Your answer must be the full listing, word for word, with no images in it.

•••

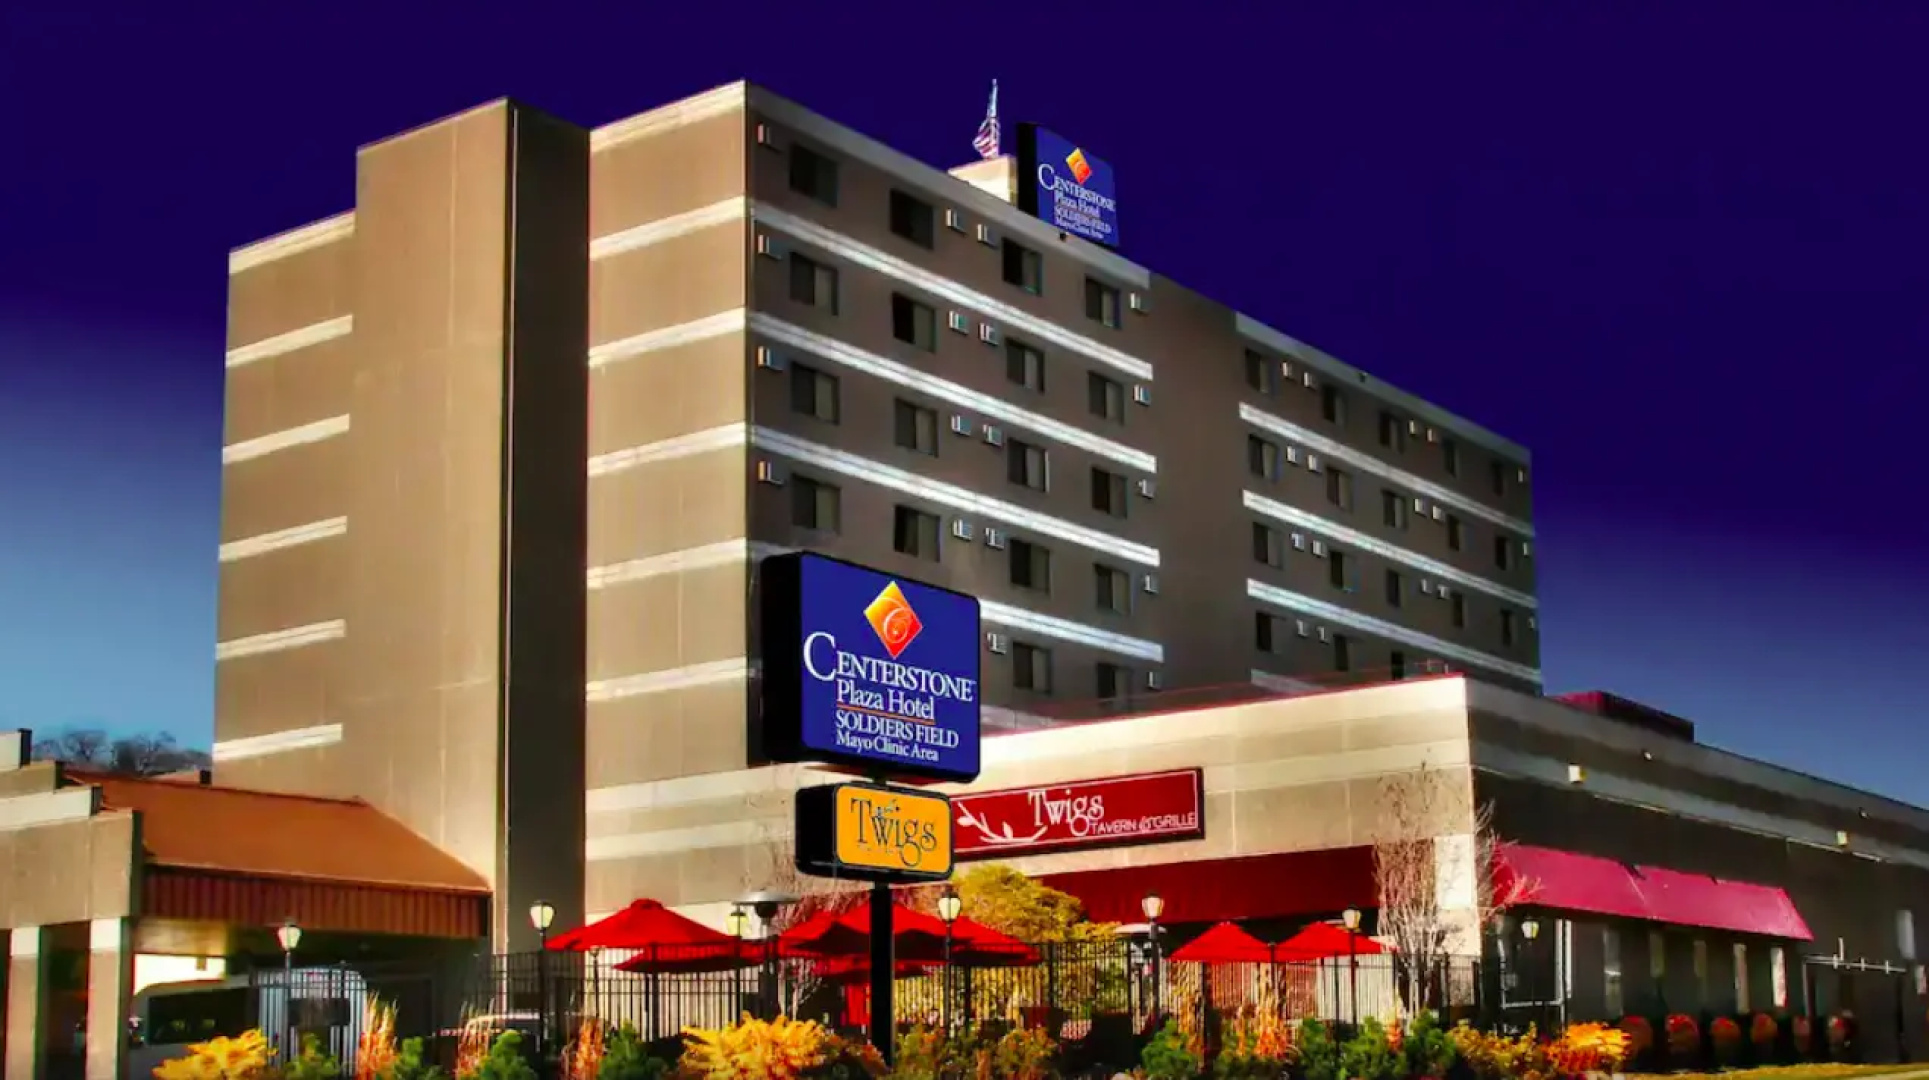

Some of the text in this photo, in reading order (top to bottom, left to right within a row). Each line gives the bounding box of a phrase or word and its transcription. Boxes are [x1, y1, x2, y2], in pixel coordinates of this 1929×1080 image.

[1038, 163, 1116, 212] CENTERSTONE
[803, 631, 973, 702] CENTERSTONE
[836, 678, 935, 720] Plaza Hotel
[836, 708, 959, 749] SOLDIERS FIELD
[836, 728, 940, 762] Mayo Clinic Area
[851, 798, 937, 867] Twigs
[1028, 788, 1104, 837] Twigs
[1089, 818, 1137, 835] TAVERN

•••

● **Result for this exercise**:
Some of the text in this photo, in reading order (top to bottom, left to right within a row). Each line gives the bounding box of a phrase or word and its transcription. Boxes are [x1, y1, x2, y2], in pixel coordinates of this 1929×1080 image.

[1038, 163, 1116, 212] CENTERSTONE
[803, 631, 973, 702] CENTERSTONE
[836, 678, 935, 720] Plaza Hotel
[836, 708, 959, 749] SOLDIERS FIELD
[836, 728, 940, 762] Mayo Clinic Area
[851, 798, 937, 867] Twigs
[1028, 788, 1104, 837] Twigs
[1089, 818, 1137, 835] TAVERN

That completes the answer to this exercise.